Male BALB/cA-nu mice (19.3–23.6 g) aged 5 weeks (n = 6 in each group) were purchased from Beijing HFK Bioscience Co., Ltd. (Beijing, China). The tumorigenicity assay in nude mice was performed as described previously [13]. Animal conservation and sacrifice were carried out according to the methods approved by the Animal Care and Use Committee of the Animal Experimental Center of Hubei Medical University.

Cell culture and transfection

Primary human hepatocytes (PHHs) were purchased from the Research Institute for Liver Diseases (Shanghai, China) and cultured as described previously [14]. HepG2 cells, Huh-7 cells, HepG2.2.15 cells, and HEK293T cells were purchased from the China Center for Type Culture Collection (CCTCC, Wuhan, China). L02 cells and HepG2-NTCP cells were kindly provided by Dr. Jianguo Wu of Wuhan University, China. HepG2 cells, HepG2-NTCP cells, HepG2.2.15 cells, Huh-7 cells, L02 cells, and HEK293T cells were cultured as previously reported [15]. For PHHs, the plasmid was transfected into cells with an Amaxa Mouse/Rat Hepatocyte Nucleofector™ Kit (Lonza, Basel, Switzerland) following the optimized protocol from the manufacturer's instructions. For other cells, Lipofectamine® 3000 (Thermo Fisher Scientific, USA) was employed to transfect cells with plasmid or small interfering RNAs according to the manufacturer's instructions.

Plasmid construction

For overexpressing GP73, specific primers were used to amplify the coding region of GP73 by PCR (forward: 5′-GCG GAA TTC ATG ATG GGC TTG GGA AAC-3′; reverse: 5′-CCG CTC GAG TCA GAG TGT ATG ATT CCG-3′). The GP73 PCR product was inserted into the pCMV-Tag2B or pWPXLD vector. For knockdown of GP73, the following sequences were used to target the human GP73 CDS: 5′-GTTGAGAAAGAGGAAACCAAT-3′ [16].

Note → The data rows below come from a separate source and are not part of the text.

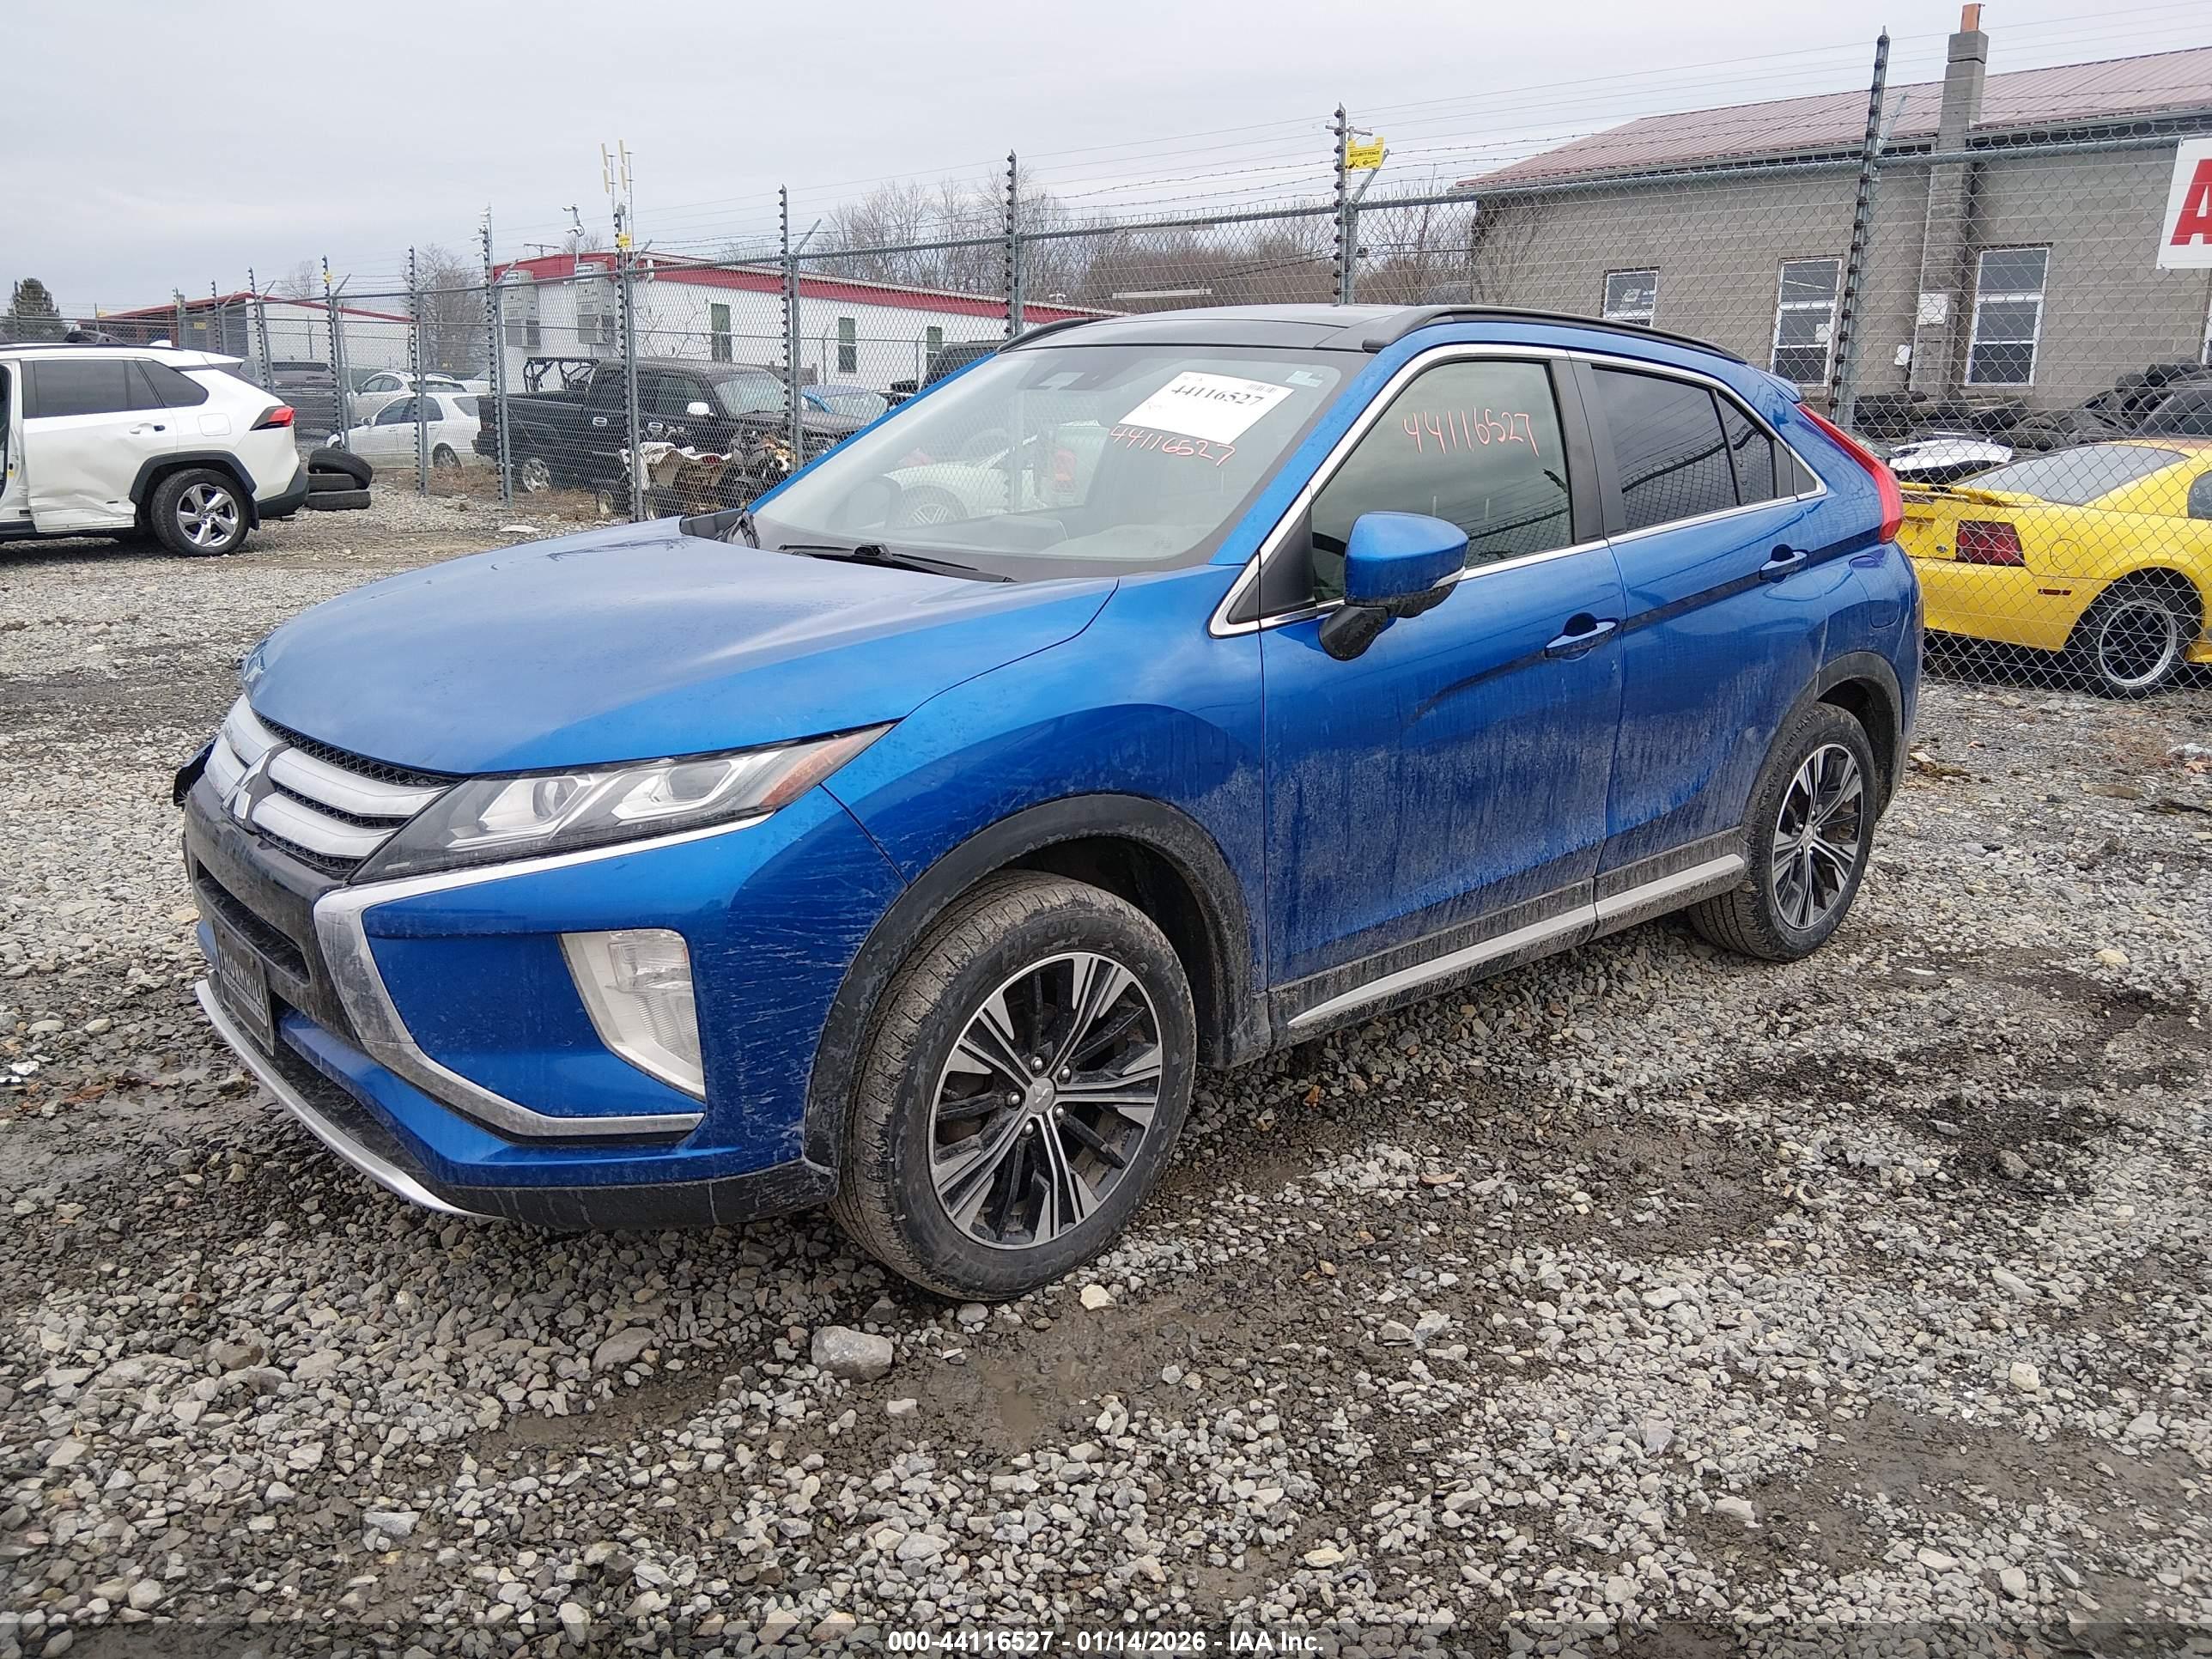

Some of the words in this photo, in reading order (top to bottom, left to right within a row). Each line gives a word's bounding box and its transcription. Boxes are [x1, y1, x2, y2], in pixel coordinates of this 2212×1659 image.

[1171, 385, 1264, 406] 44116527
[1110, 425, 1236, 468] 44116527
[1403, 405, 1540, 458] 44116527
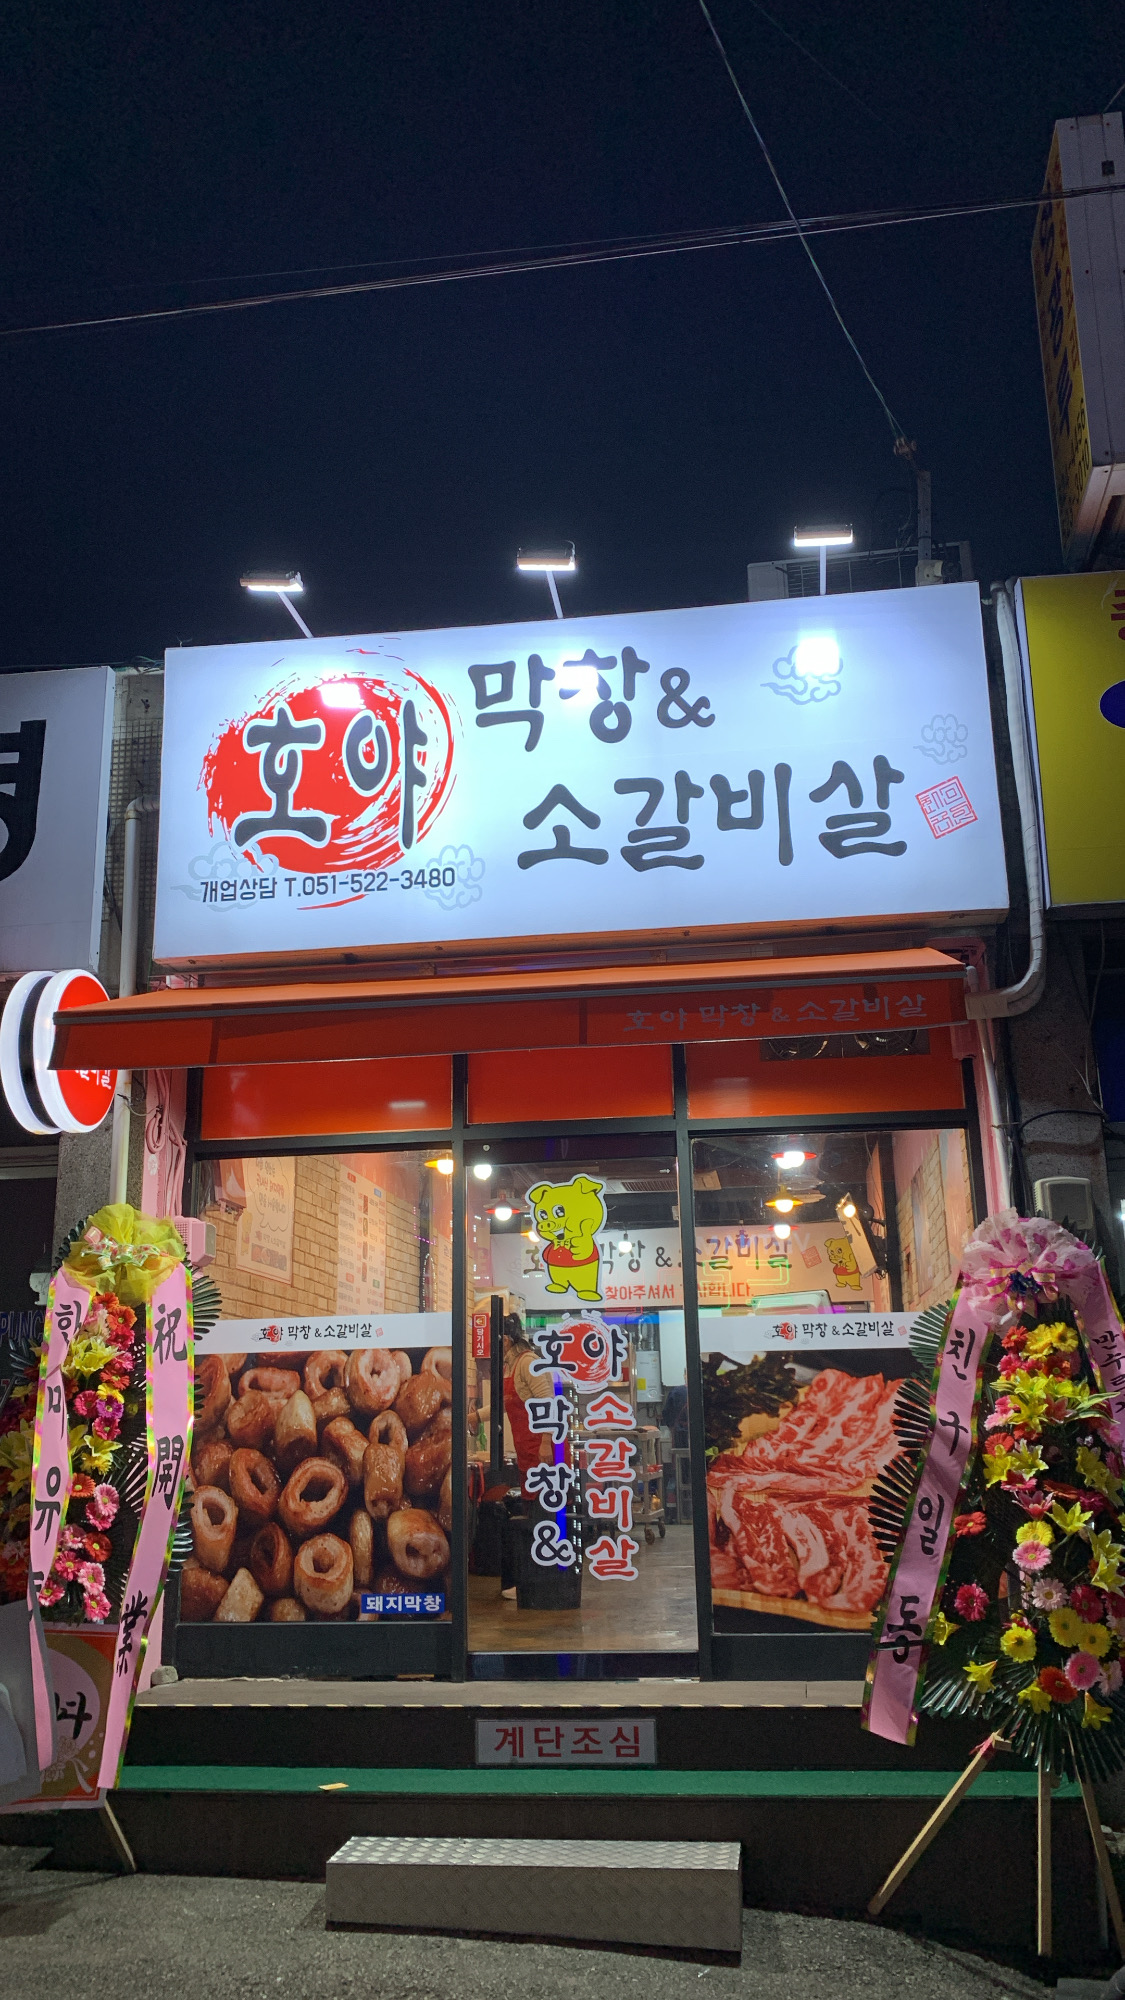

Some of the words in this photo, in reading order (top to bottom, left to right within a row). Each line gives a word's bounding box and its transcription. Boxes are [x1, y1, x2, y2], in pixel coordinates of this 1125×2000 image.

[235, 700, 428, 850] 호야
[517, 755, 908, 872] 소갈비살
[201, 877, 277, 903] 개업상담
[285, 867, 456, 897] T.051-522-3480
[624, 1009, 687, 1031] 호야
[700, 1003, 761, 1027] 막창
[605, 1283, 675, 1301] 찾아주셔서
[259, 1326, 284, 1341] 호야
[288, 1324, 311, 1341] 막창
[324, 1322, 373, 1340] 소갈비살
[476, 1328, 485, 1356] 당기시오
[772, 1323, 798, 1339] 호야
[802, 1322, 828, 1339] 막창
[842, 1320, 895, 1338] 소갈비살
[533, 1327, 626, 1378] 호야
[586, 1393, 637, 1578] 소갈비살
[366, 1595, 442, 1612] 돼지막창
[494, 1725, 641, 1758] 계단조심
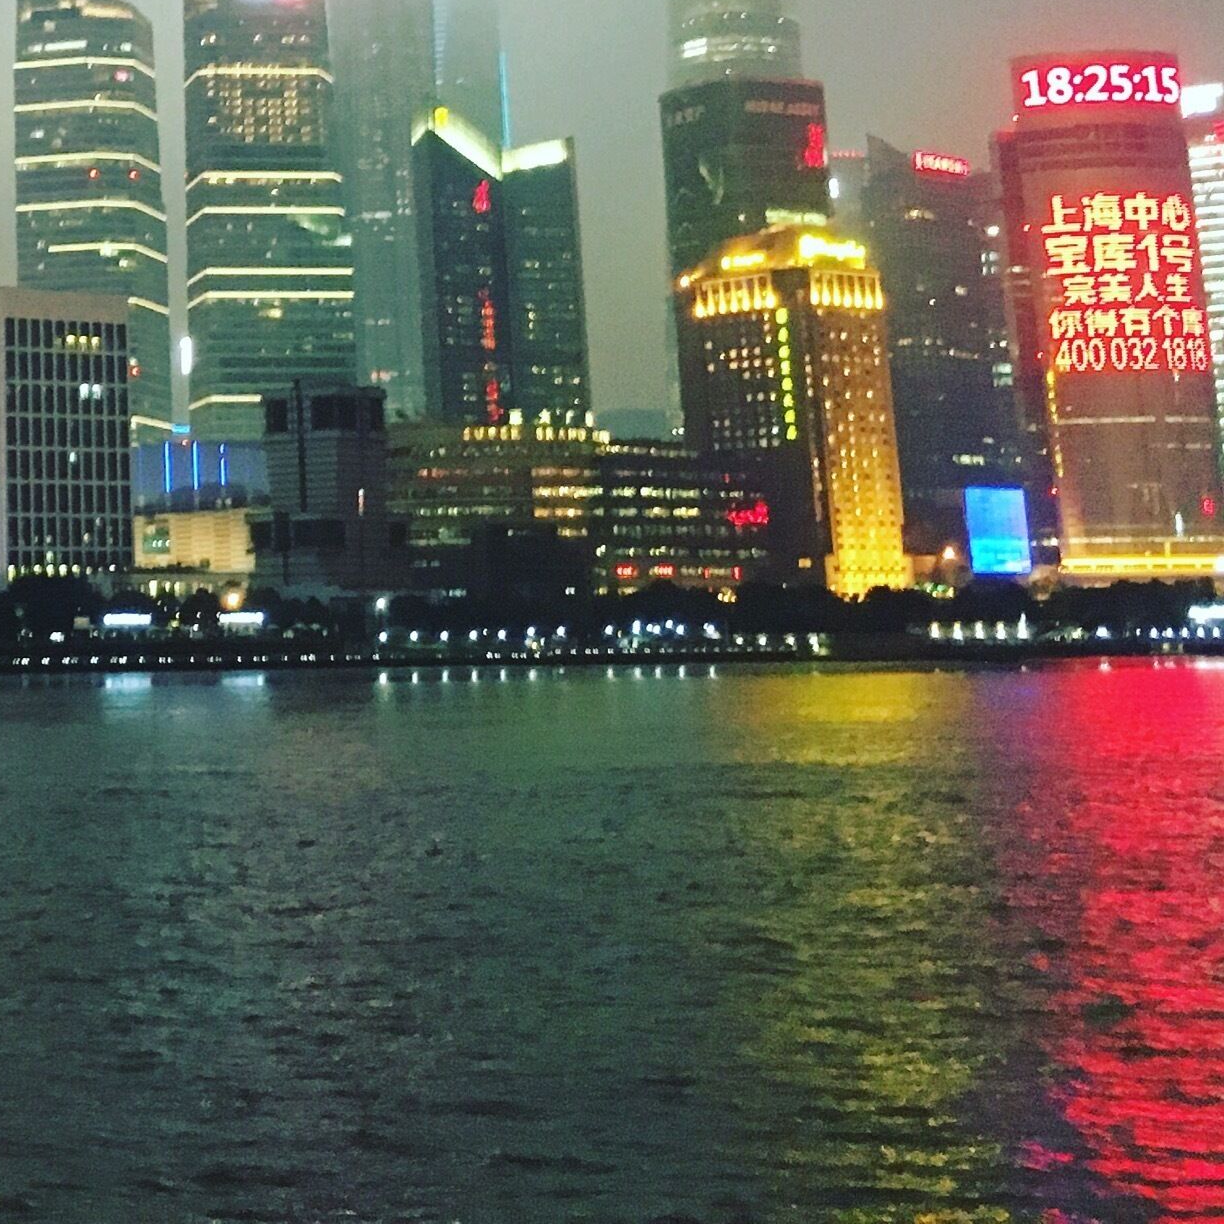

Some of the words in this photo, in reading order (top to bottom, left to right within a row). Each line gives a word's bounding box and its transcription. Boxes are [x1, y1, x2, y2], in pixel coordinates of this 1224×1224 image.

[1022, 64, 1180, 106] 18:25:15
[1041, 192, 1191, 233] 上海中心
[1045, 233, 1194, 276] 宝库1号
[1063, 273, 1192, 306] 完美人生
[1055, 338, 1107, 371] 400
[1110, 337, 1160, 370] 032
[1162, 337, 1209, 371] 1818

All constructs were confirmed by DNA sequencing.

Virus production and transduction of cell lines

For HBV infection of HepG2-NTCP cells, the culture supernatant of the HepG2.2.15 cell line was concentrated 100-fold by ultracentrifugation. The concentrated HBV stock titer (genome equivalents/ml, GEq/ml) was assessed using qRT-PCR. The multiplicity of infection (MOI) was defined as the genome equivalents per cell (GEq/cell). HepG2-NTCP cells were infected as described previously [15].

Construction of the stable GP73 knockdown cell line was performed as previously described [13]. Briefly, the lentivirus plasmid pWPXLD (Addgene plasmid #12258) was modified by inserting a T2A peptide between the multiple cloning site (MCS) and the GFP gene. Then, the gp73 gene was amplified by PCR and inserted into the MCS of pWPXLD. After that, lentivirus was produced in HEK293T cells and transfected into Huh7 cells or HepG2 cells. The GFP-positive cells were then enriched by flow cytometric sorting on the basis of GFP expression and named Huh7-GP73 or HepG2-GP73.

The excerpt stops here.